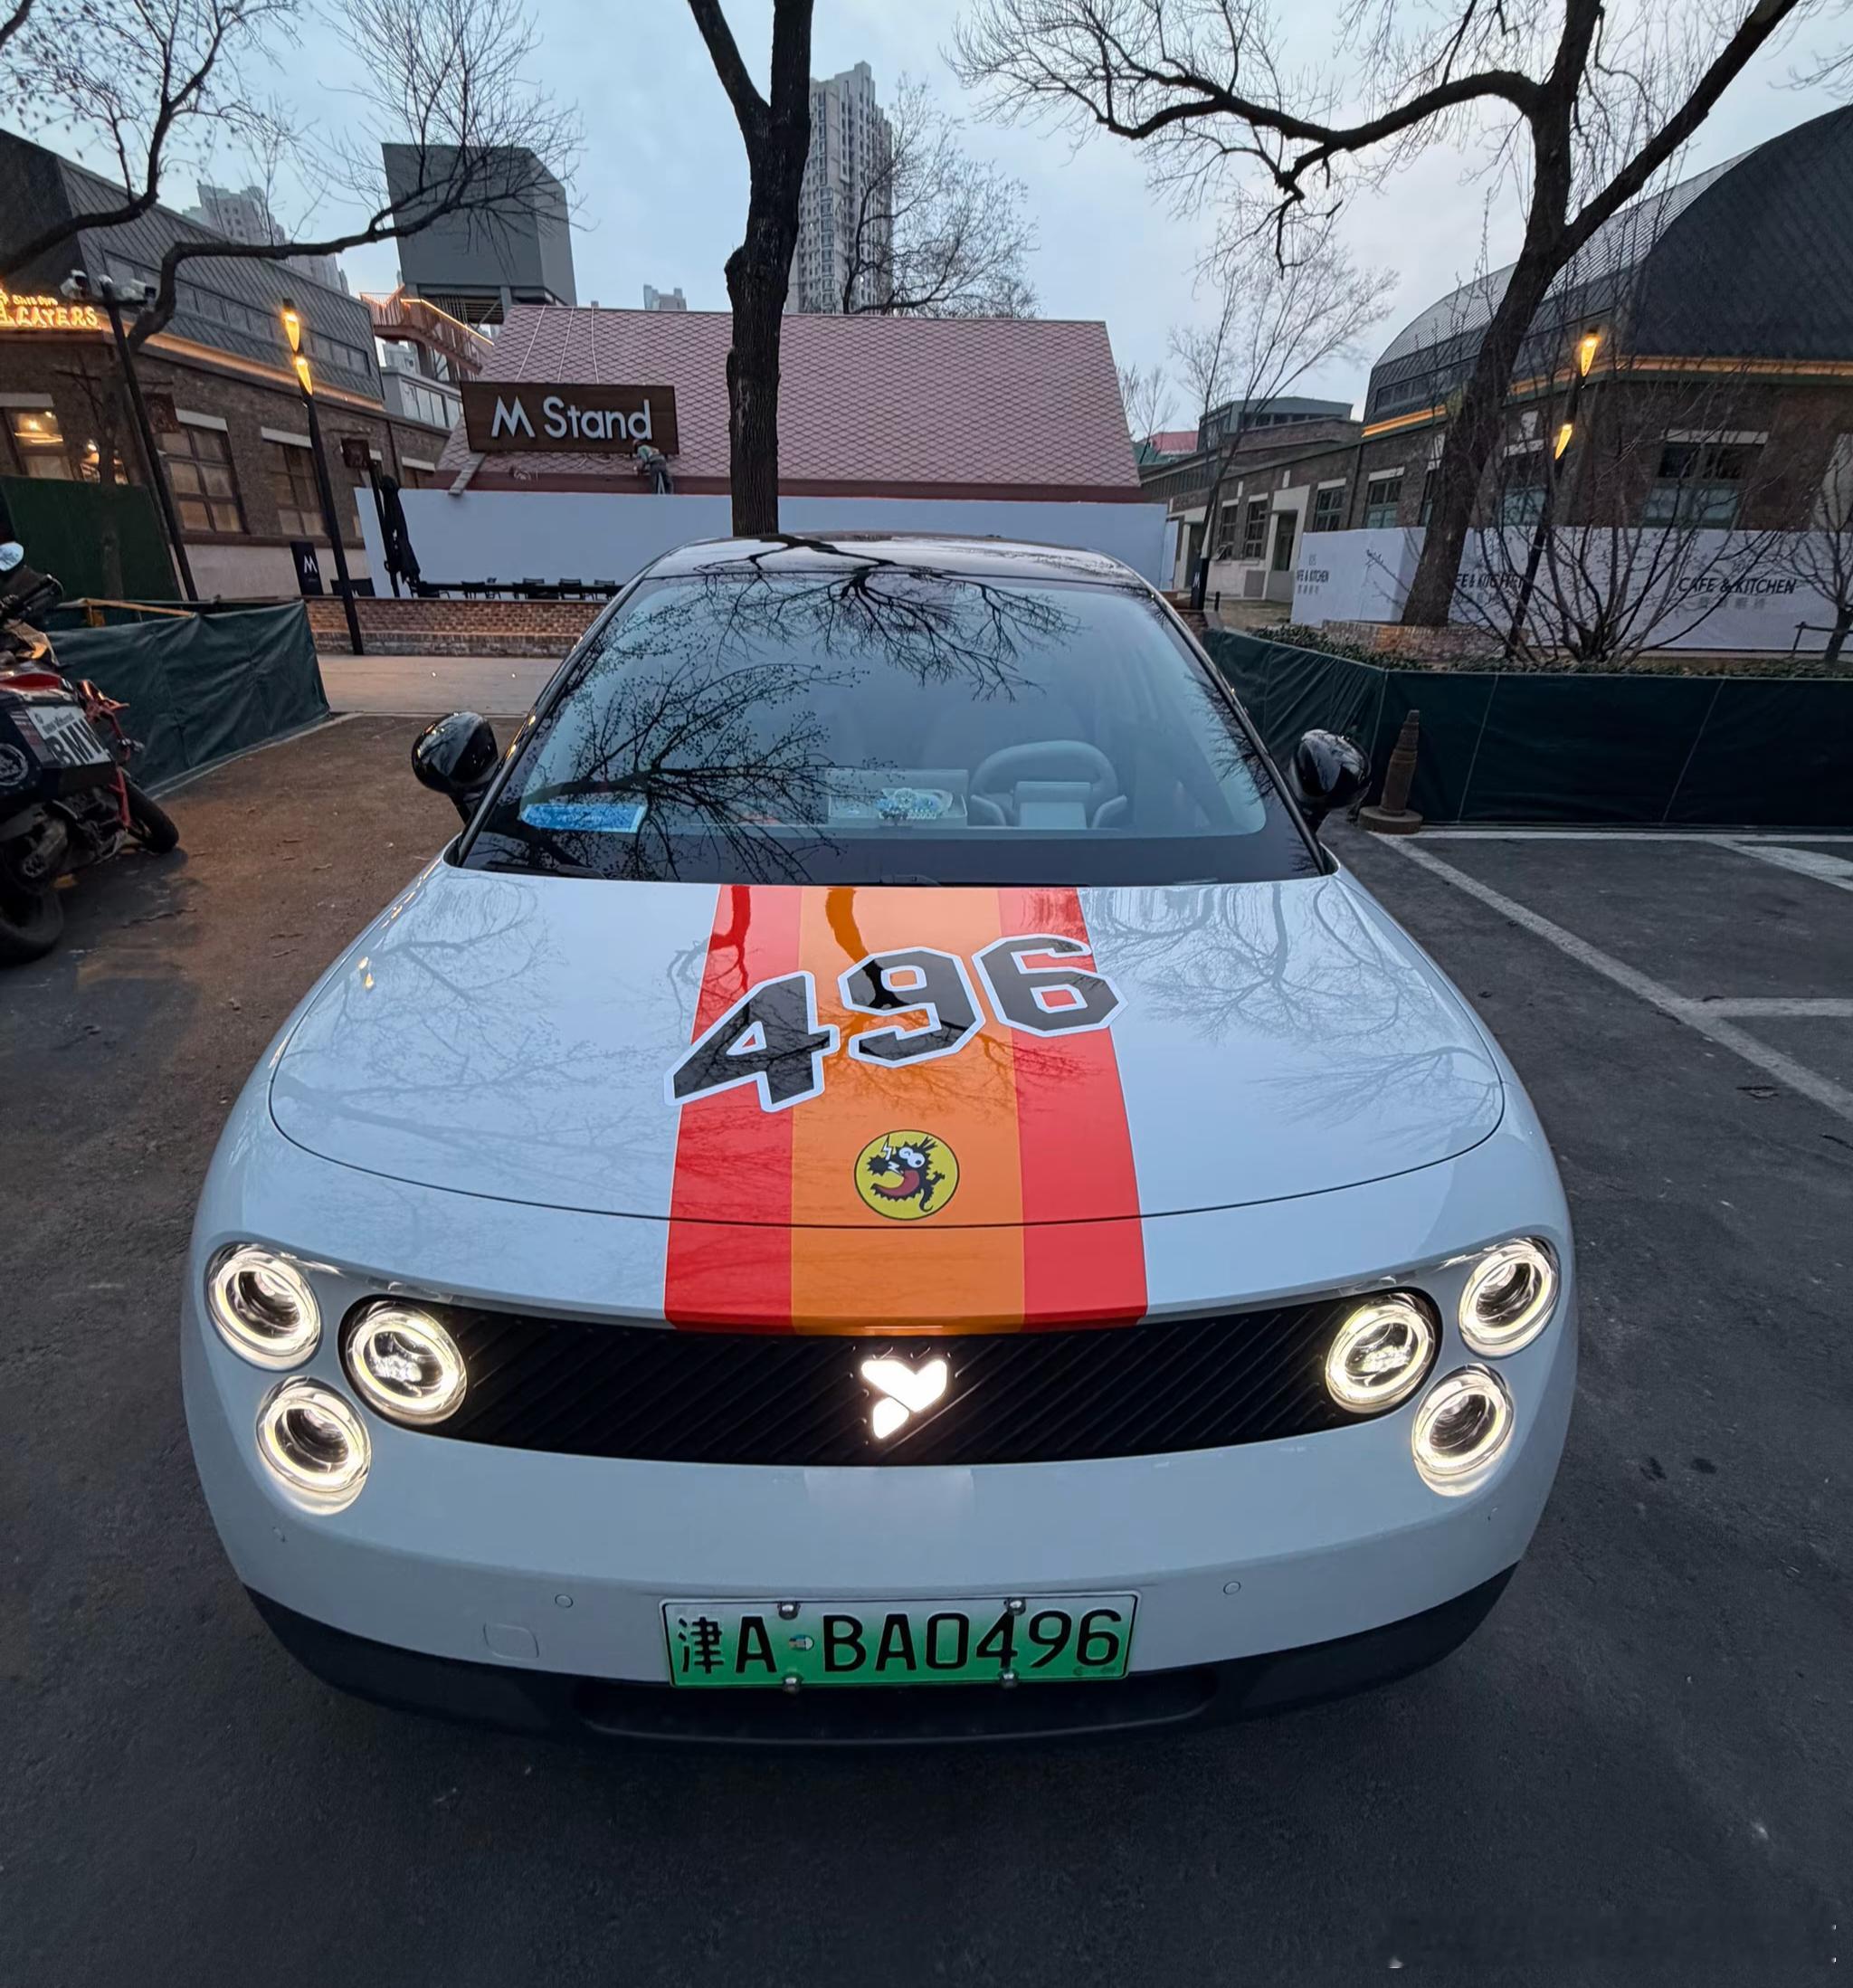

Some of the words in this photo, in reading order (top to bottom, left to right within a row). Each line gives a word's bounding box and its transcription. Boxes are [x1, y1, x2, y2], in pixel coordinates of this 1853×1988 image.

[491, 395, 536, 438] M
[543, 395, 652, 440] Stand
[1678, 577, 1716, 593] CAFE
[1719, 578, 1732, 593] &
[1734, 578, 1797, 594] KITCHEN
[664, 934, 1128, 1112] 496
[822, 1609, 1122, 1672] BA0496

## REQUIRED WORK
Would you please copy the material exactly, leaving all the pictures out?

## TASK RESPONSE
Some of the words in this photo, in reading order (top to bottom, left to right within a row). Each line gives a word's bounding box and its transcription. Boxes are [x1, y1, x2, y2], in pixel coordinates of this 1853×1988 image.

[491, 395, 536, 438] M
[543, 395, 652, 440] Stand
[1678, 577, 1716, 593] CAFE
[1719, 578, 1732, 593] &
[1734, 578, 1797, 594] KITCHEN
[664, 934, 1128, 1112] 496
[822, 1609, 1122, 1672] BA0496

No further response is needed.